Este conflicto internacional ha tensionado los precios de insumos básicos en Navarra, poniendo en riesgo la rentabilidad del sector agrícola y ganadero. La crisis geopolítica se ha sumado a las ya existentes dificultades estructurales del sector, como la competencia en el mercado global y las políticas comerciales de la Unión Europea. La creación del grupo responde a la necesidad de realizar un seguimiento técnico y coordinar acciones para mitigar dichos efectos.
El Gobierno foral ha señalado que, ante la incertidumbre, se estudiarán posibles medidas fiscales y ayudas directas. La decisión refleja una estrategia de carácter preventivo, para responder rápidamente a las fluctuaciones económicas derivadas del conflicto. La prioridad es proteger a un sector clave para la economía y el paisaje rural navarro, que ya enfrenta desafíos de sostenibilidad y competitividad.
El Consejo Agrario, órgano consultivo en el que participan sindicatos y cooperativas, ha reforzado su estructura con una comisión técnica de seguimiento. Además, se han abordado temas como el impacto de acuerdos comerciales internacionales y la revisión de la Ley Foral de Calidad Alimentaria.

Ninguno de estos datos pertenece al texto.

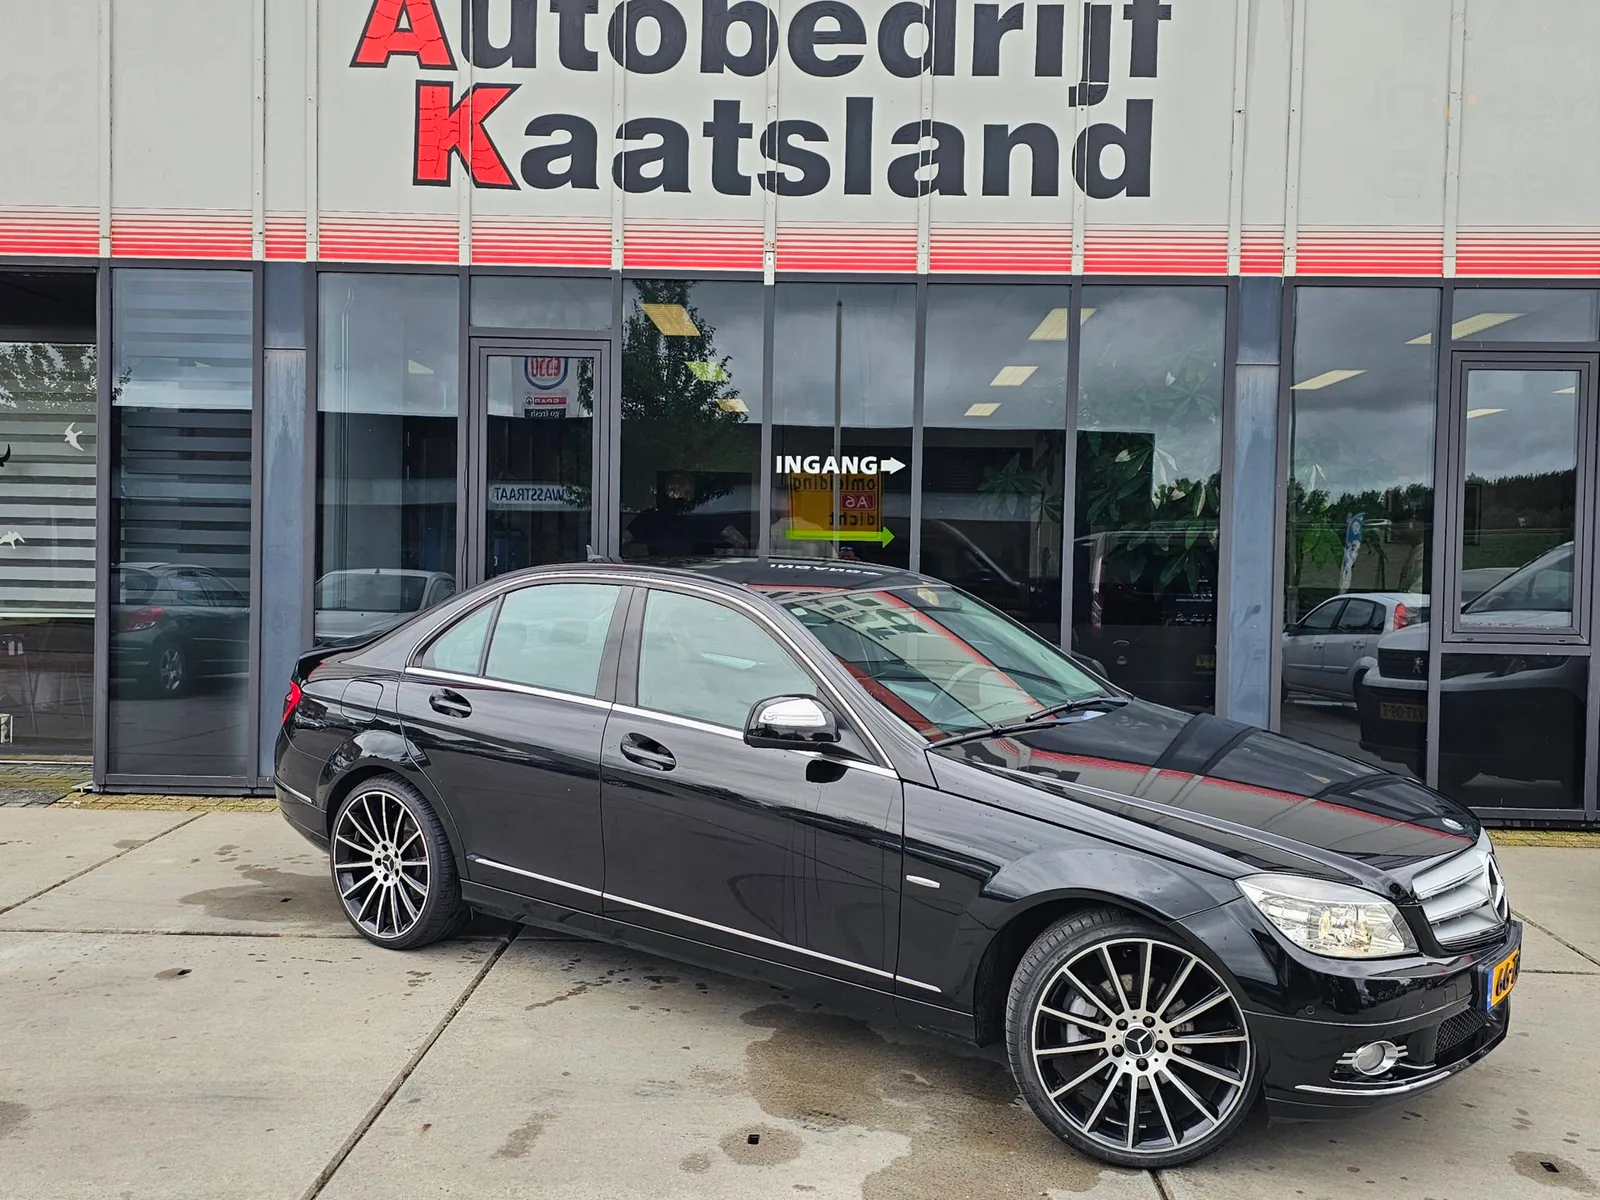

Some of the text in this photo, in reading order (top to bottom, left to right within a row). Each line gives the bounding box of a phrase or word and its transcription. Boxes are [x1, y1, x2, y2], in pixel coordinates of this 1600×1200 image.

[349, 0, 1172, 108] Autobedrijf
[413, 80, 1154, 199] Kaatsland
[776, 455, 878, 475] INGANG

La coordinación con el sector privado es fundamental para diseñar respuestas ajustadas a la realidad local.
En el ámbito político, la gestión del impacto del conflicto iraní se enmarca en la estrategia del Gobierno de Navarra de fortalecer la resiliencia del sector primario. La comunidad autónoma mantiene una postura de diálogo y colaboración con las organizaciones agrarias, buscando un equilibrio entre protección local y apertura internacional. La próxima semana, se evaluarán las primeras hipótesis de apoyo económico.
Este escenario refleja la necesidad de una visión a medio plazo ante la creciente complejidad de los mercados globales y las tensiones geopolíticas. La creación del grupo de trabajo es solo un paso en la estrategia de Navarra para afrontar futuros desafíos económicos y políticos en el sector primario, que requiere de una gestión activa y coordinada.